[Referring expression grounding data]
+++
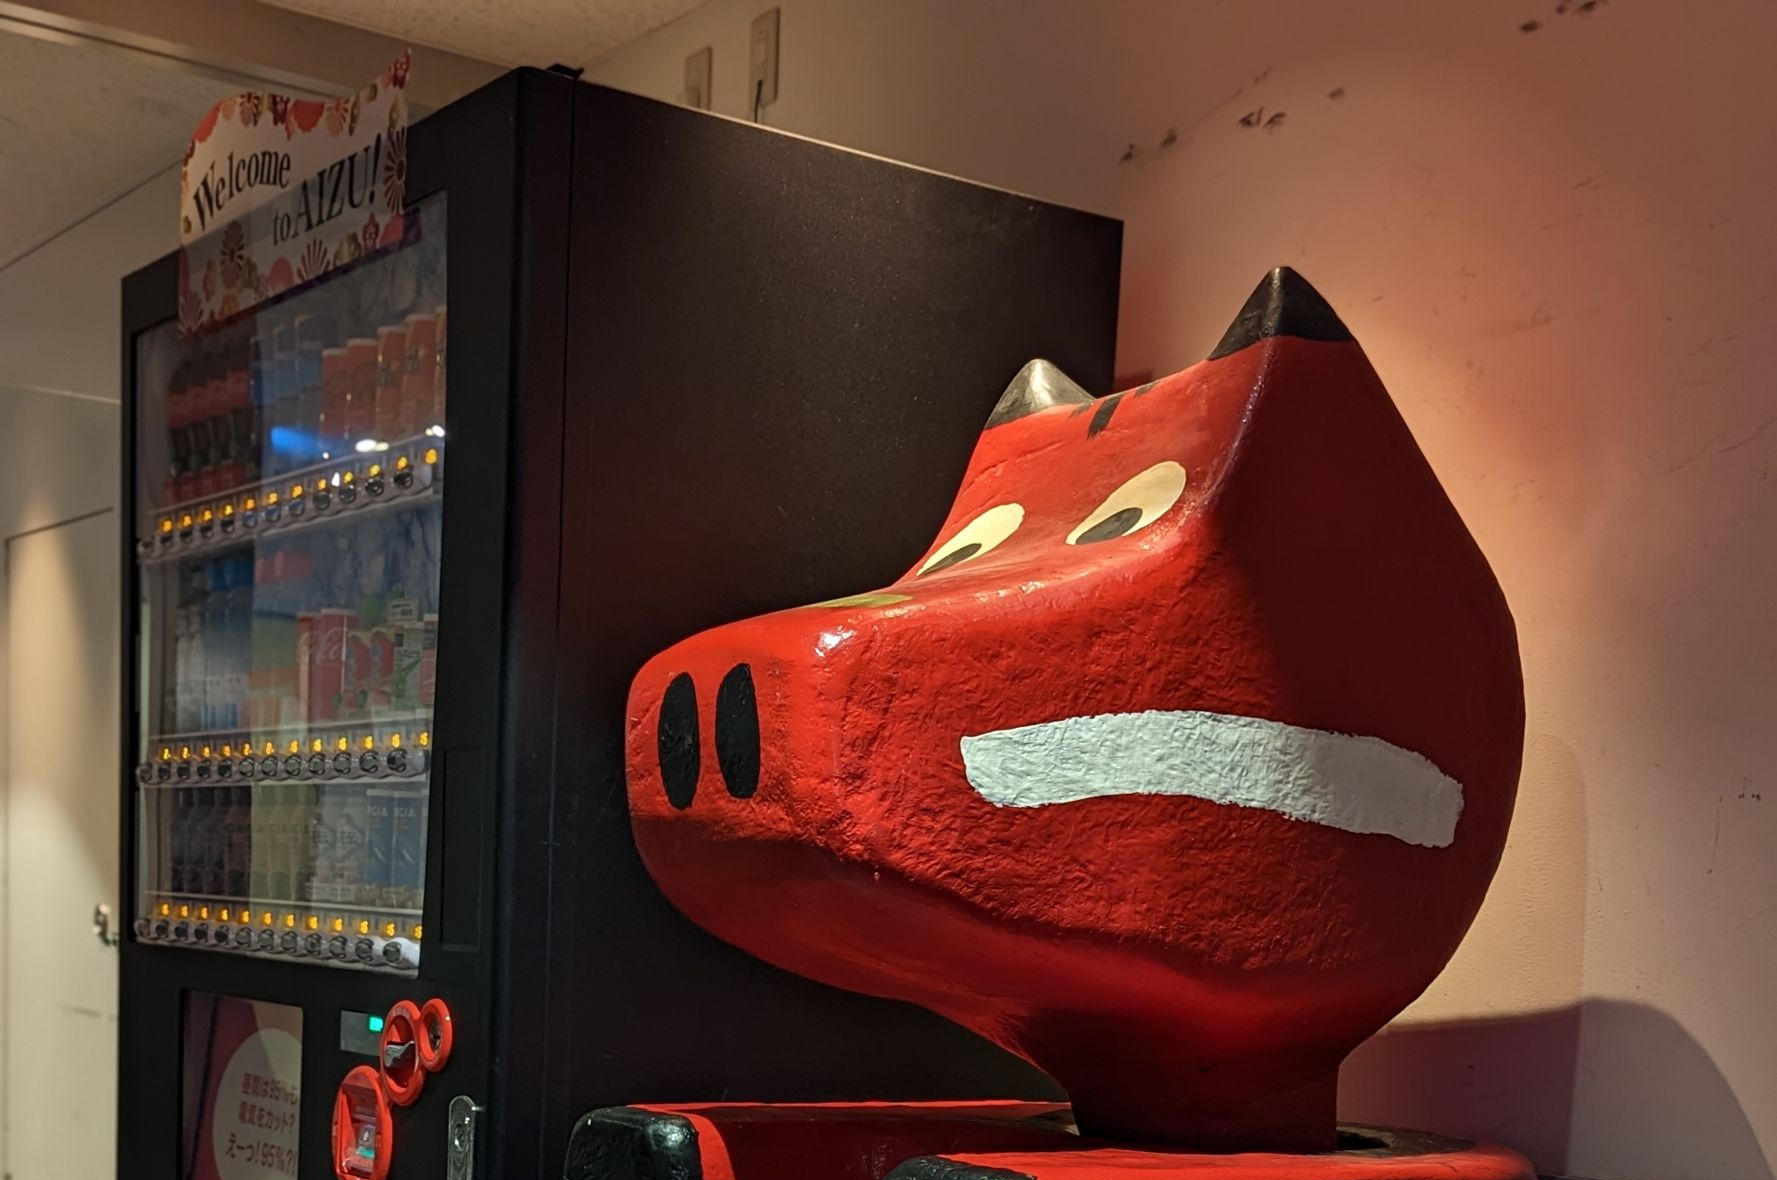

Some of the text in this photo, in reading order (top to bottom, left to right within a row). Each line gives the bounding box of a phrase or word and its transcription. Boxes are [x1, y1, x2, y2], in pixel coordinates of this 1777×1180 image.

[193, 149, 291, 231] Welcome
[273, 132, 382, 245] to AIZU!
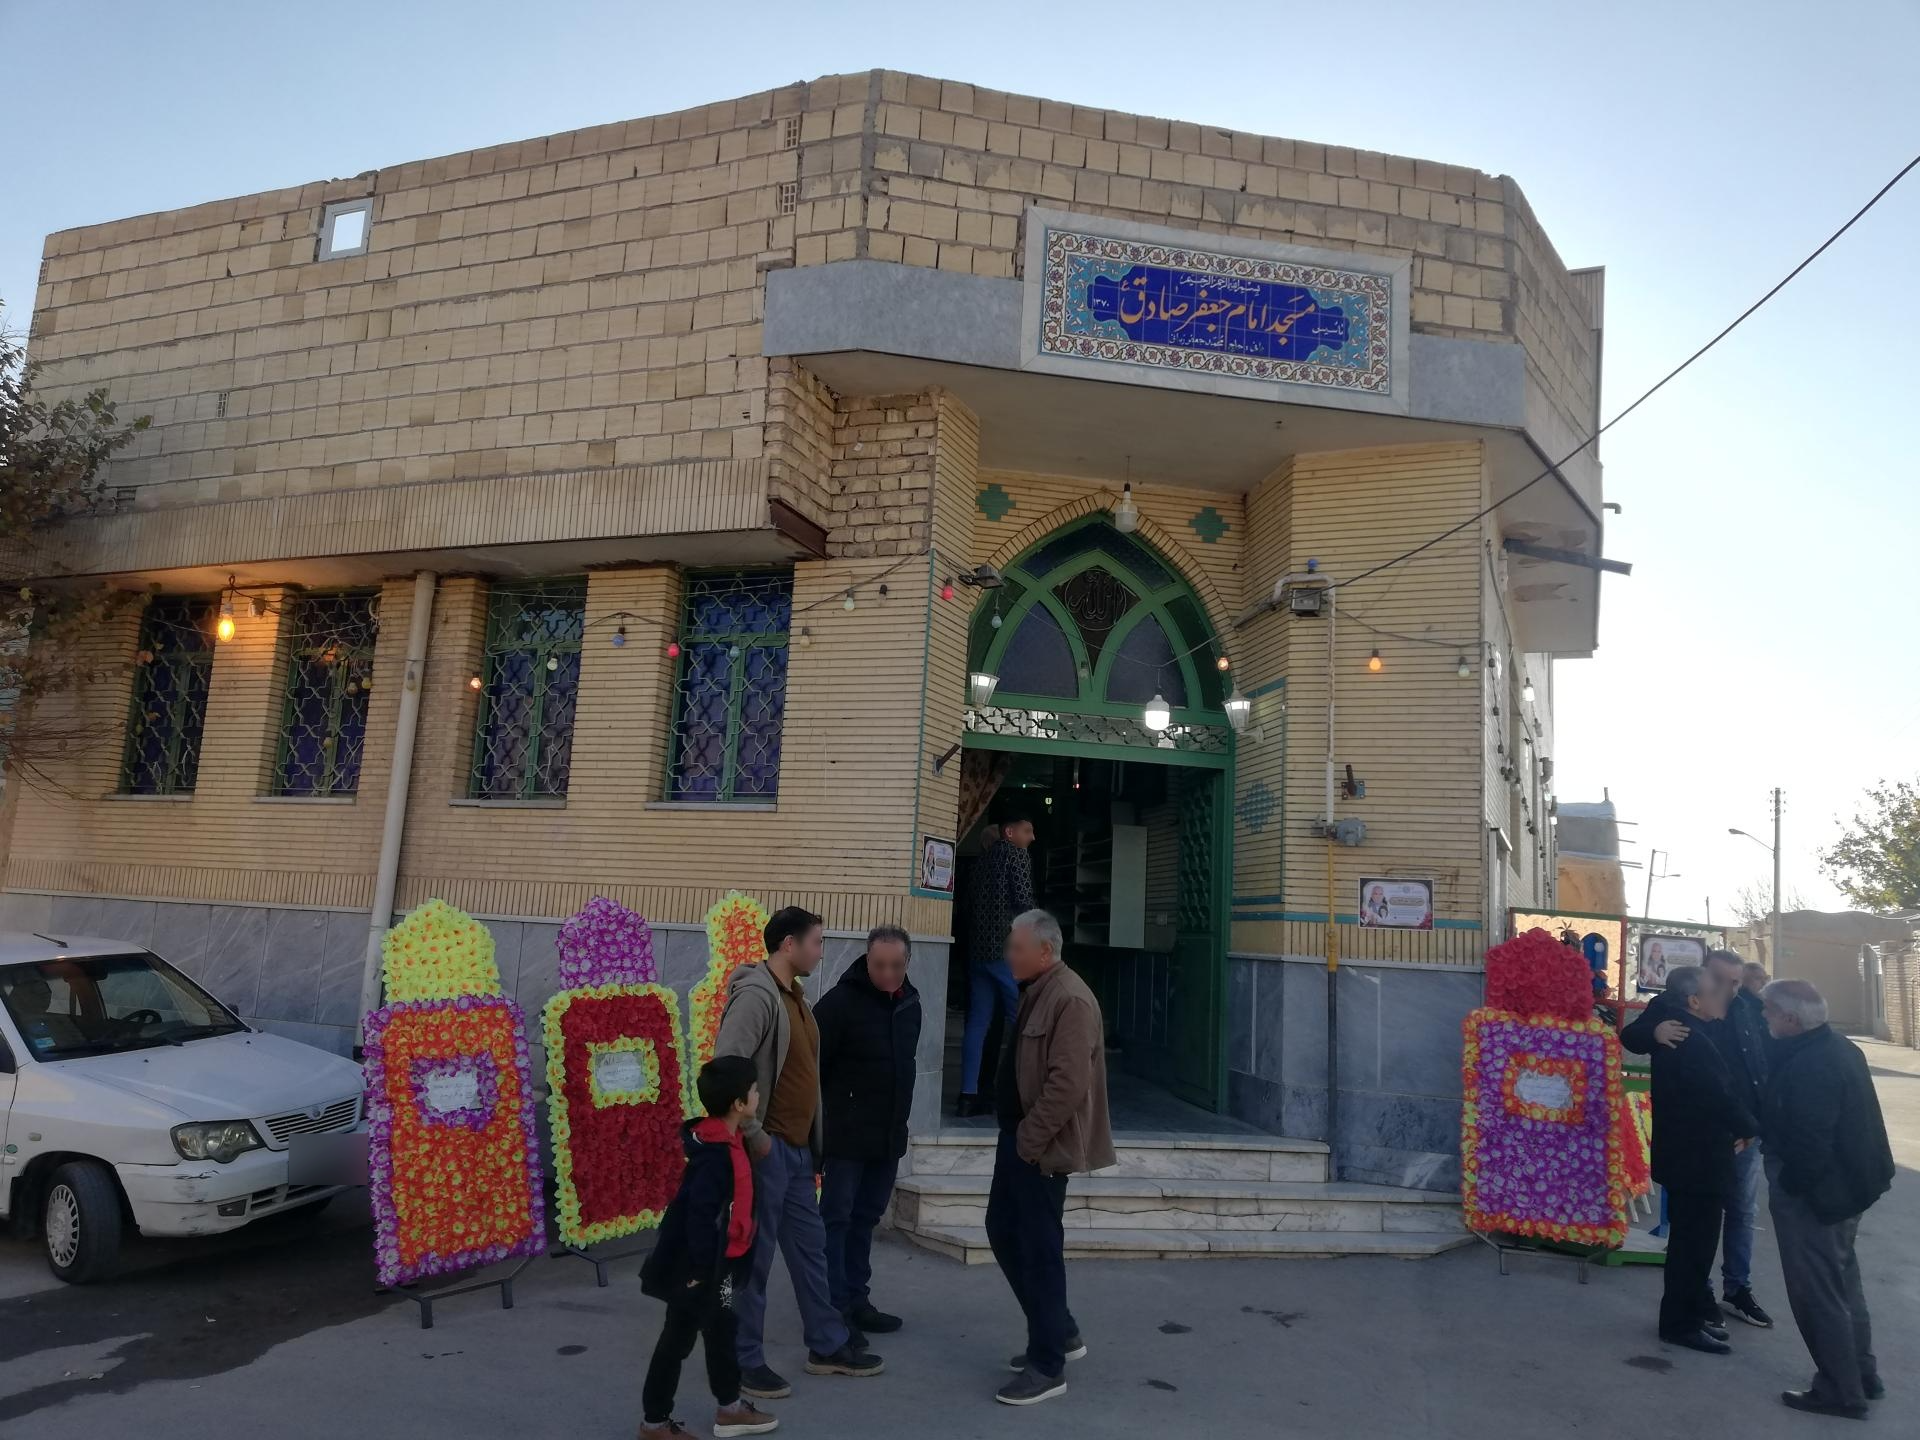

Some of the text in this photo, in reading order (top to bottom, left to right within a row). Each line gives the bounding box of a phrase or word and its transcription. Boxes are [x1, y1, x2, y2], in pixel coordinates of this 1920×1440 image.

[1120, 277, 1188, 324] صادق
[1174, 290, 1232, 333] جعفر
[1265, 295, 1315, 345] مسجد
[1224, 300, 1267, 351] امام
+++
Before printing the records again, strip out the pictures; change nothing else.

Some of the text in this photo, in reading order (top to bottom, left to right within a row). Each line gives the bounding box of a phrase or word and its transcription. Boxes are [x1, y1, x2, y2], in pixel coordinates of this 1777×1180 image.

[193, 149, 291, 231] Welcome
[273, 132, 382, 245] to AIZU!

Some of the text in this photo, in reading order (top to bottom, left to right within a row). Each line gives the bounding box of a phrase or word and its transcription. Boxes are [x1, y1, x2, y2], in pixel coordinates of this 1920×1440 image.

[1120, 277, 1188, 324] صادق
[1174, 290, 1232, 333] جعفر
[1265, 295, 1315, 345] مسجد
[1224, 300, 1267, 351] امام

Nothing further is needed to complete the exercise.